Today, I went to Ten Thousand Villages, and found this red leather bracelet made from scraps of leather from Columbia's textile industry, which says, "Be the change you wish to see in the world." -Mahatma Gandhi. I got it because it is red, in honor of 2016's Autism Acceptance Month in three days, and for its quote, which meant a lot to me as an autistic activist at UCM and elsewhere. ‪#‎AutismAcceptanceDay2016


Monday, March 21, 2016

World Down Syndrome Day Year 10

Today is World Down Syndrome Day, a day that reminds me ever more of how grateful I am for my good friend, Tyler Nelson Weekly.
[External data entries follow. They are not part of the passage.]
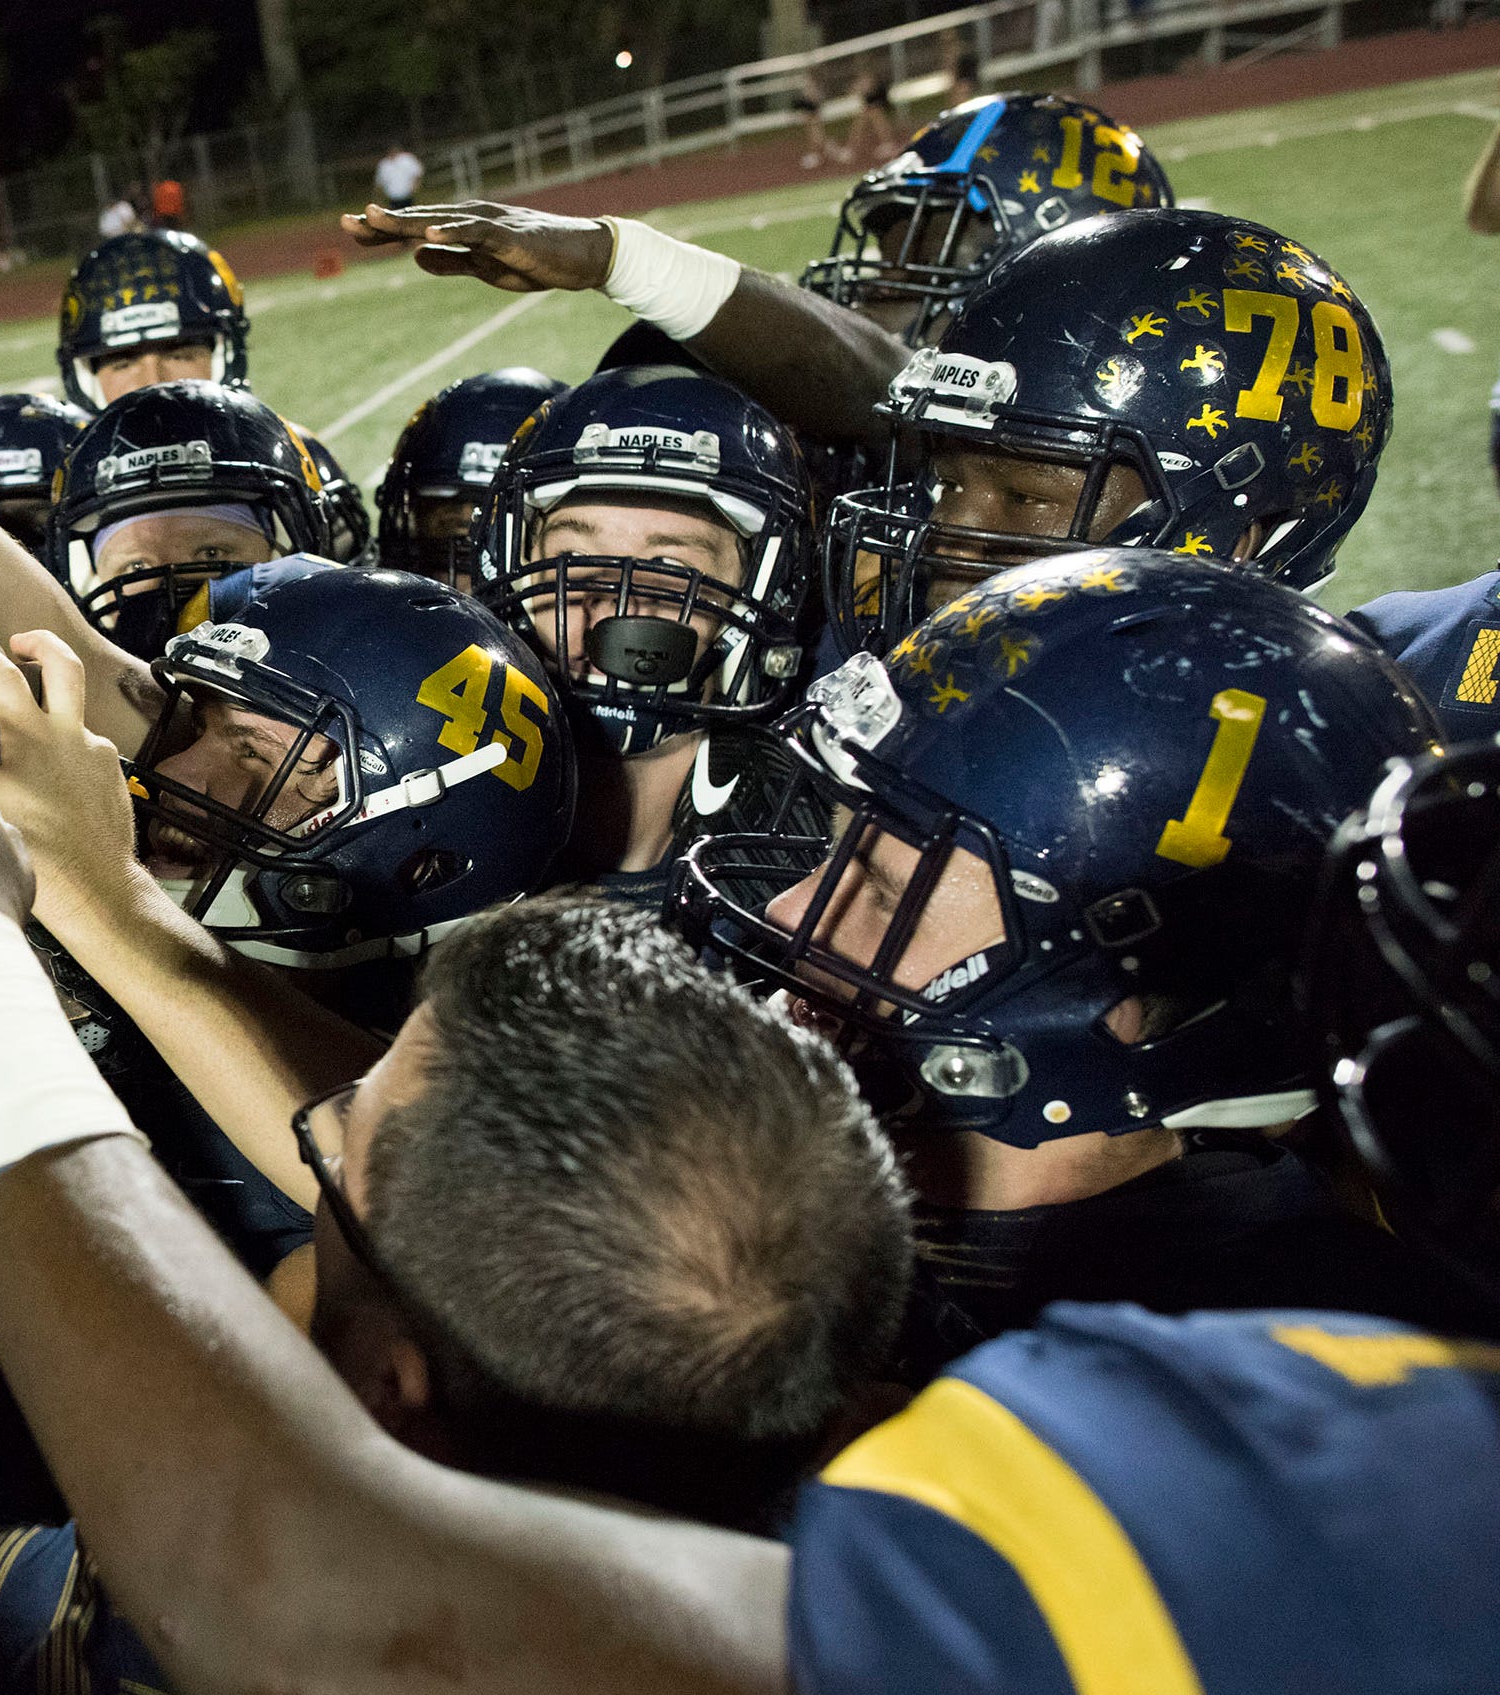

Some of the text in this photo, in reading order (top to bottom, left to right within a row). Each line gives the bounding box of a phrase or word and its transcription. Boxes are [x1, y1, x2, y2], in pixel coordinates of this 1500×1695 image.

[1051, 115, 1141, 208] 12
[931, 363, 980, 388] NAPLES
[1223, 288, 1363, 432] 78
[128, 449, 180, 468] NAPLES
[618, 434, 683, 448] NAPLES
[1159, 457, 1192, 468] PEED
[417, 643, 549, 792] 45
[1156, 688, 1267, 869] 1
[923, 952, 990, 1001] ddell
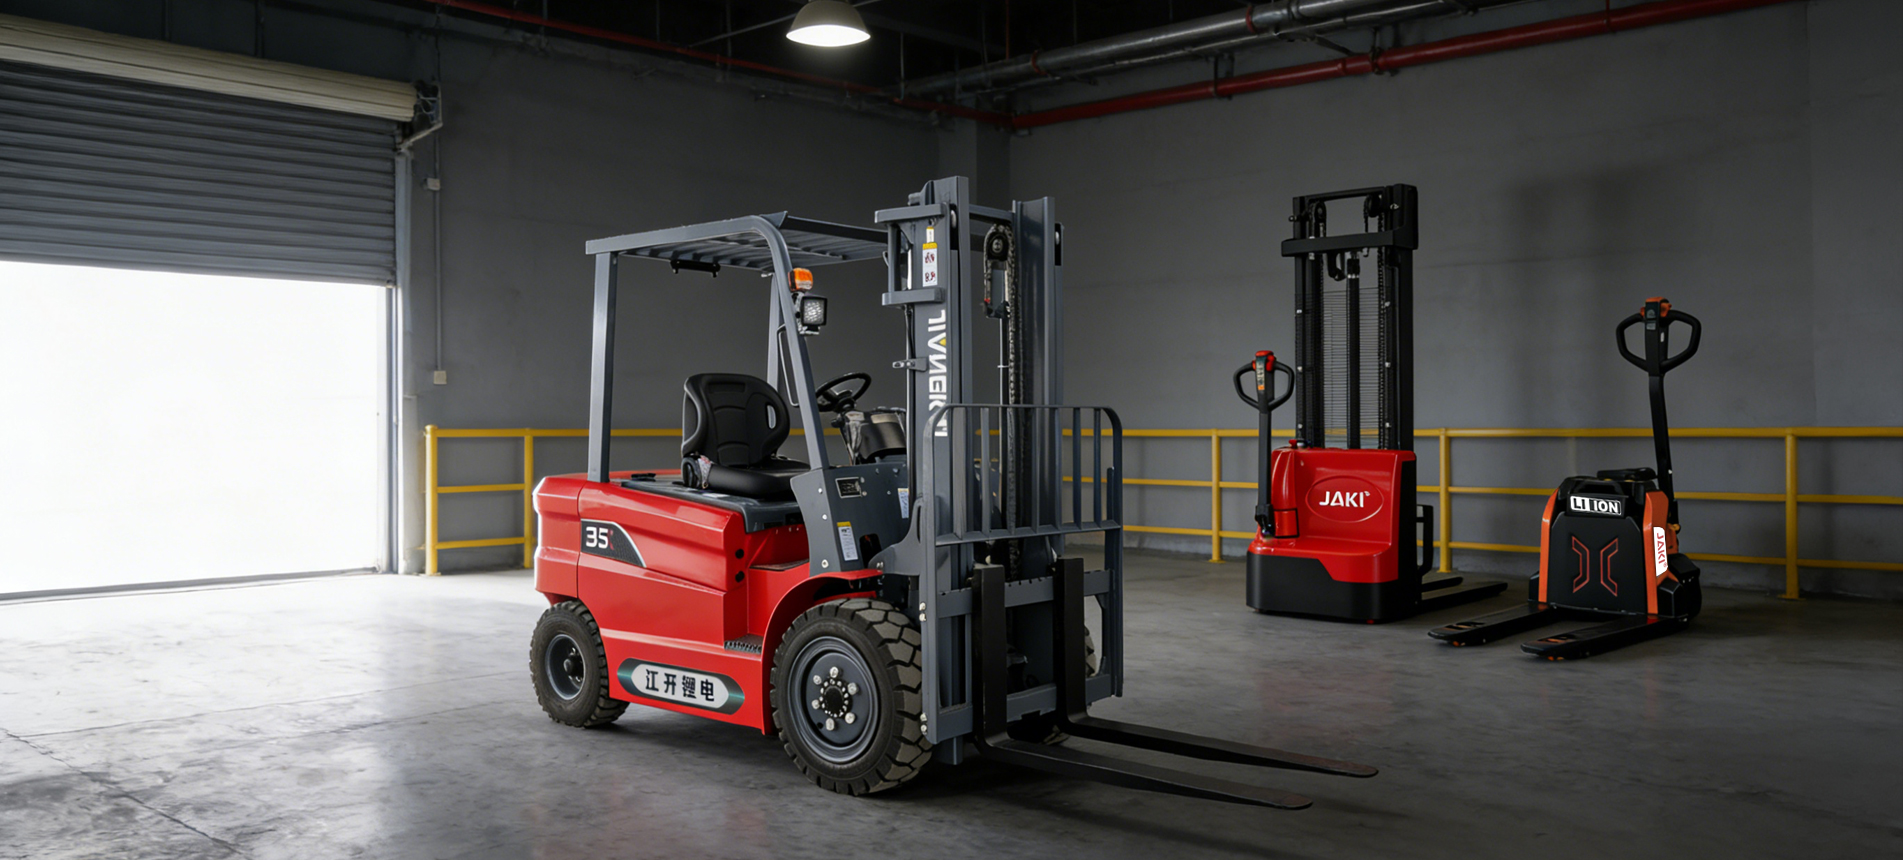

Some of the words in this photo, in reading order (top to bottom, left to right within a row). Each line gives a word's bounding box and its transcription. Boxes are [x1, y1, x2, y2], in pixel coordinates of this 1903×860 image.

[1572, 497, 1587, 510] LI
[1593, 500, 1618, 513] ION
[645, 669, 715, 702] 江开锂电
I remember him being my roommate in our second year at UCM's THRIVE program, going with him to see all the Hobbit movies, watching his school dance performances, talking to him on the phone, having him spend nights at my home where we watched The Power Rangers, watching the Disney Channel of my own accord for a while after a year of living with him, coming with him to the Down Syndrome Guild of Kansas City's yearly Down syndrome dance, having him by me during my graduation from the University of Central Missouri, taking him for rides the first night I got my new car, going to Royal's game with him and our friend Jack, coming with him to Starlight Performances-where he is an usher captain-and the time he came with me to Minsky's on my twenty-sixth birthday and took a diagonally slanted picture of my mom and me. He constantly supports every dream I have and is just so eye-opening to the lives people with Down syndrome lead. He always wants to help me. I constantly love how he is funny, kind, intuitive, loyal, and so many other things that I am lucky that he is. I remember every time when I have looked for the right woman, and got to know one out there, Tyler would say, "Did you tell her about me?" and I said, "No, Tyler, but don't worry. I would be remiss if the girl I dated did not know about you." I once told my granddad, "Any woman who does not accept Tyler exactly as he is, is no girlfriend of mine."
"On this day, let us reaffirm that persons with Down syndrome are entitled to the full and effective enjoyment of all human rights and fundamental freedoms. Let us each do our part to enable children and persons with Down syndrome to participate fully in the development and life of their societies on an equal basis with others. Let us build an inclusive society for all."